● EXERCISE: Your job is to return each record exactly, minus any pictures.

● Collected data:
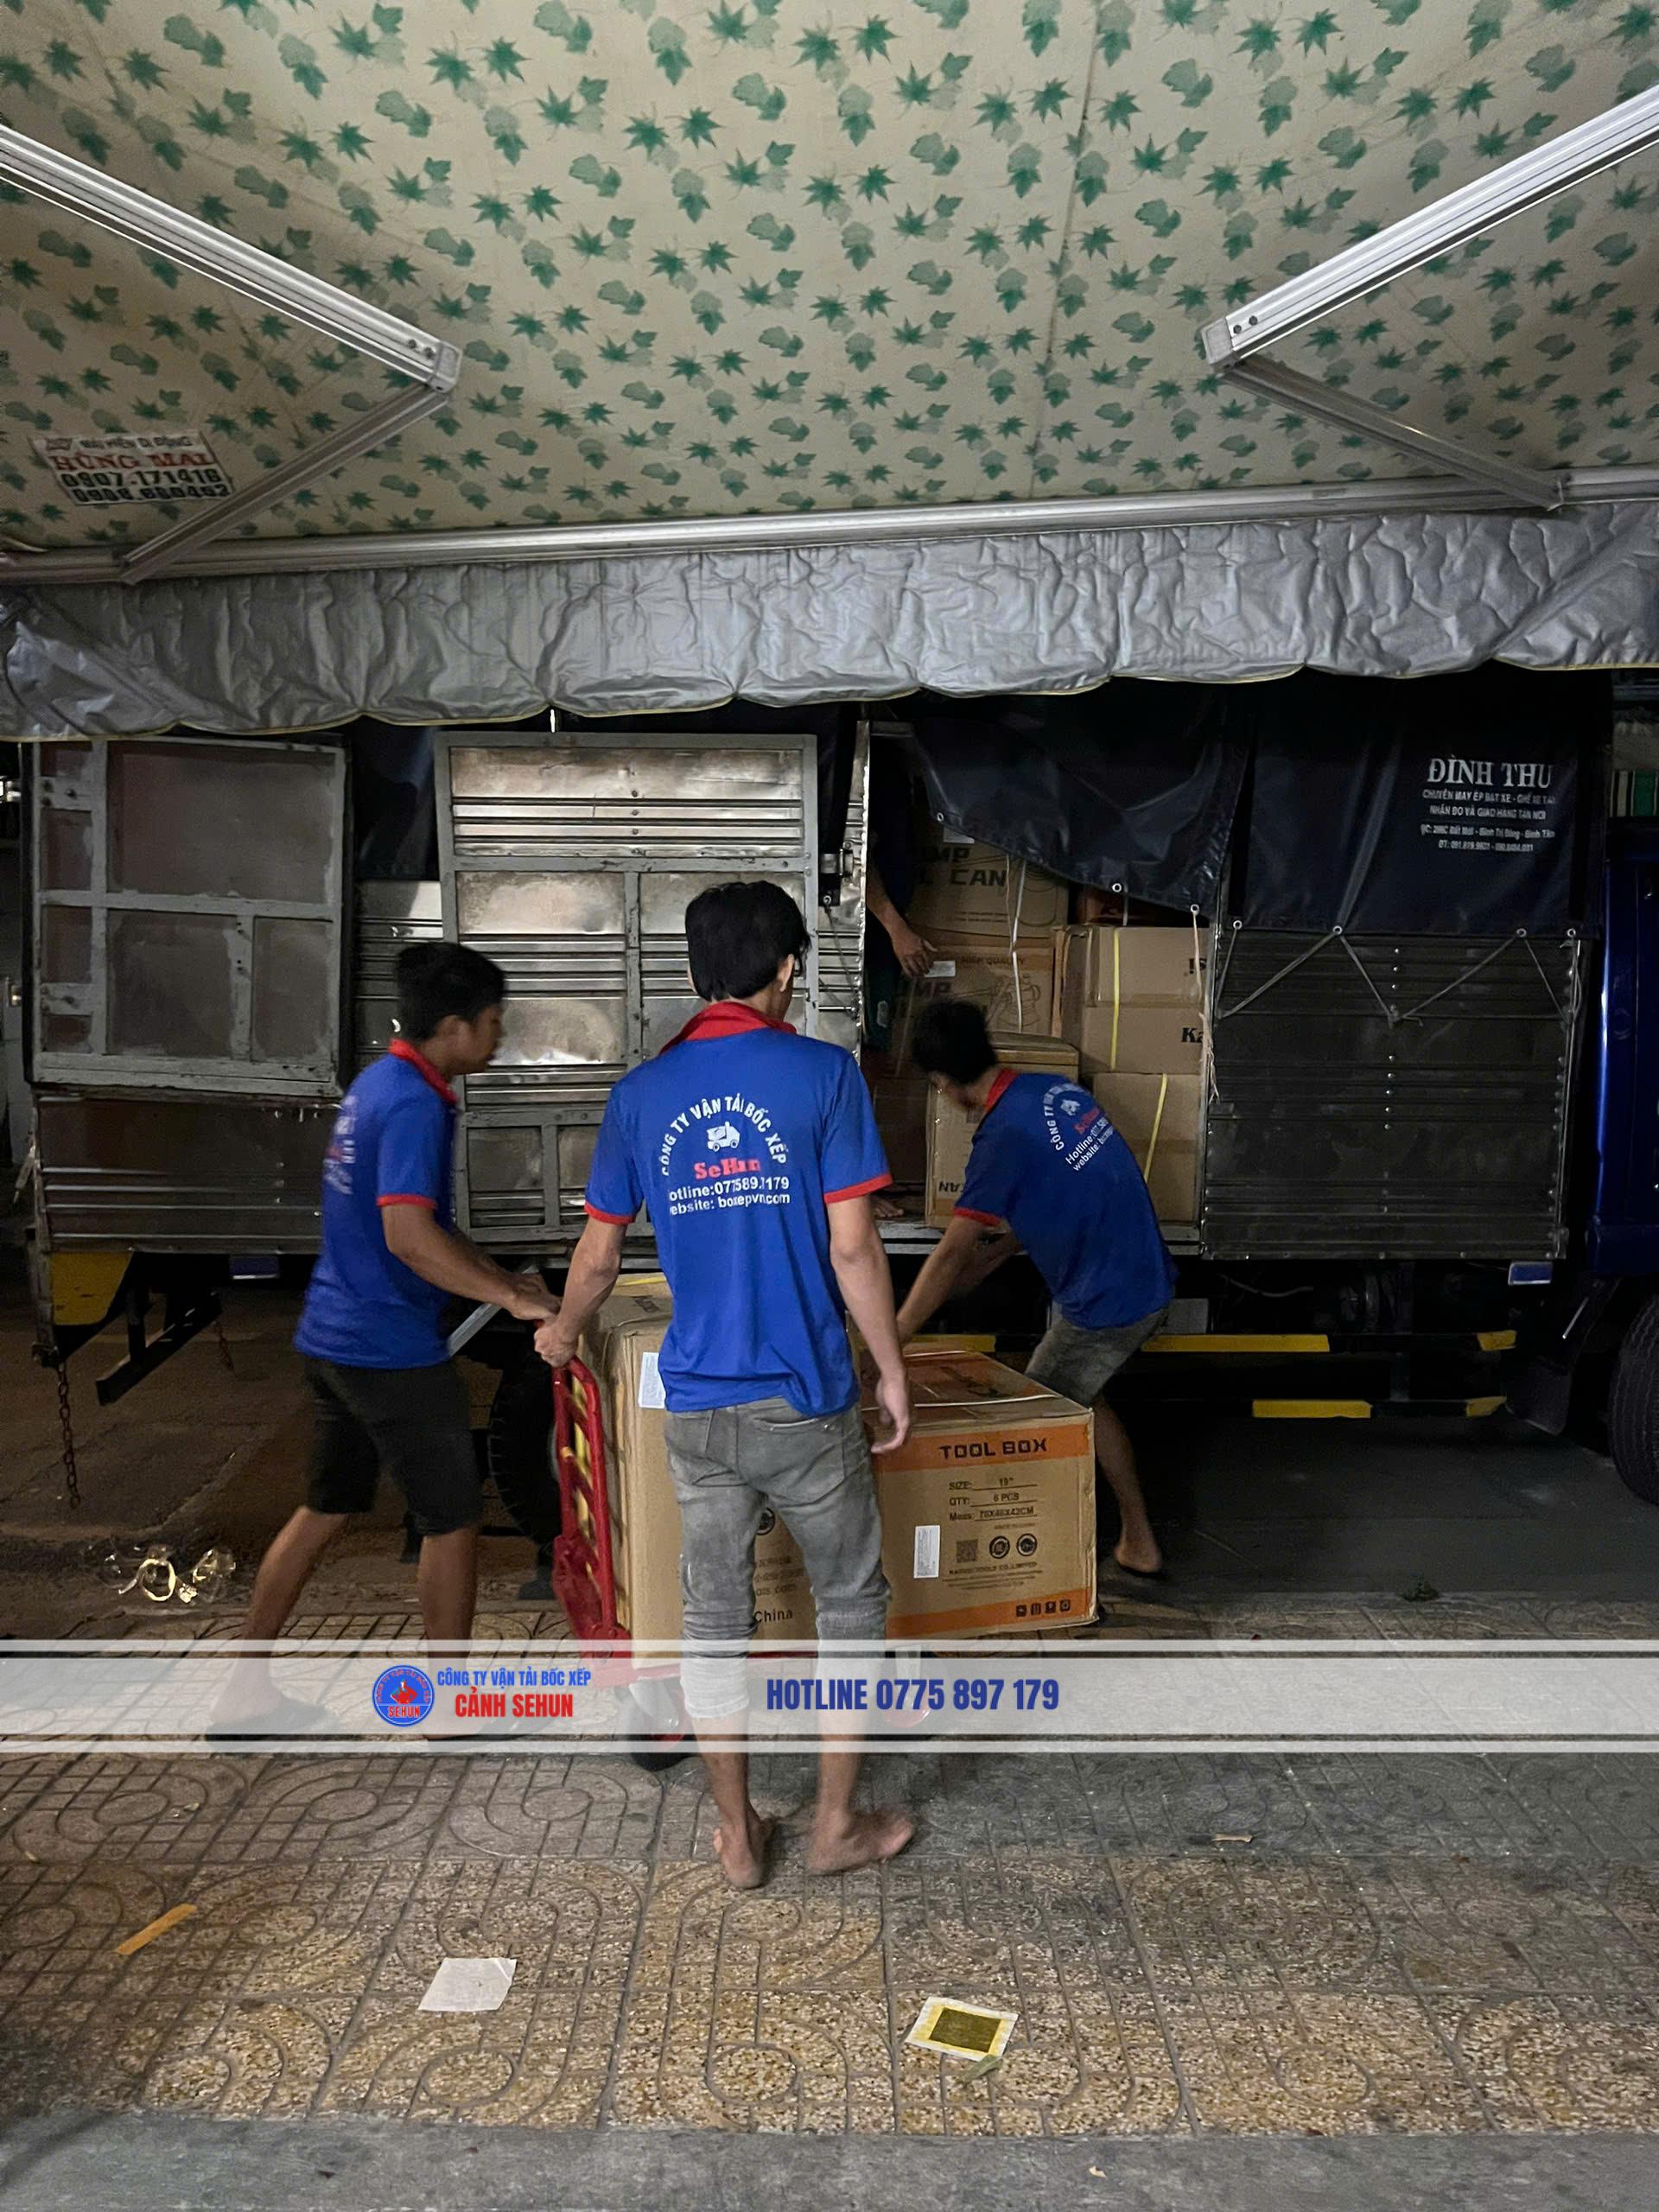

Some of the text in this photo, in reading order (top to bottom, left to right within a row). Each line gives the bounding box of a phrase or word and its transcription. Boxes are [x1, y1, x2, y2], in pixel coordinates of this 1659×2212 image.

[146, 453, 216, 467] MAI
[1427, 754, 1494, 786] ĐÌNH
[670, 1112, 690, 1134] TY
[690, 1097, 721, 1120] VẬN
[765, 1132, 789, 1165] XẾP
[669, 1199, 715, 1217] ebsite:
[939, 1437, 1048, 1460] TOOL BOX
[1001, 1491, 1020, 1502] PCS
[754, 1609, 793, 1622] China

● ANSWER BOX:
Some of the text in this photo, in reading order (top to bottom, left to right within a row). Each line gives the bounding box of a phrase or word and its transcription. Boxes are [x1, y1, x2, y2], in pixel coordinates of this 1659×2212 image.

[146, 453, 216, 467] MAI
[1427, 754, 1494, 786] ĐÌNH
[670, 1112, 690, 1134] TY
[690, 1097, 721, 1120] VẬN
[765, 1132, 789, 1165] XẾP
[669, 1199, 715, 1217] ebsite:
[939, 1437, 1048, 1460] TOOL BOX
[1001, 1491, 1020, 1502] PCS
[754, 1609, 793, 1622] China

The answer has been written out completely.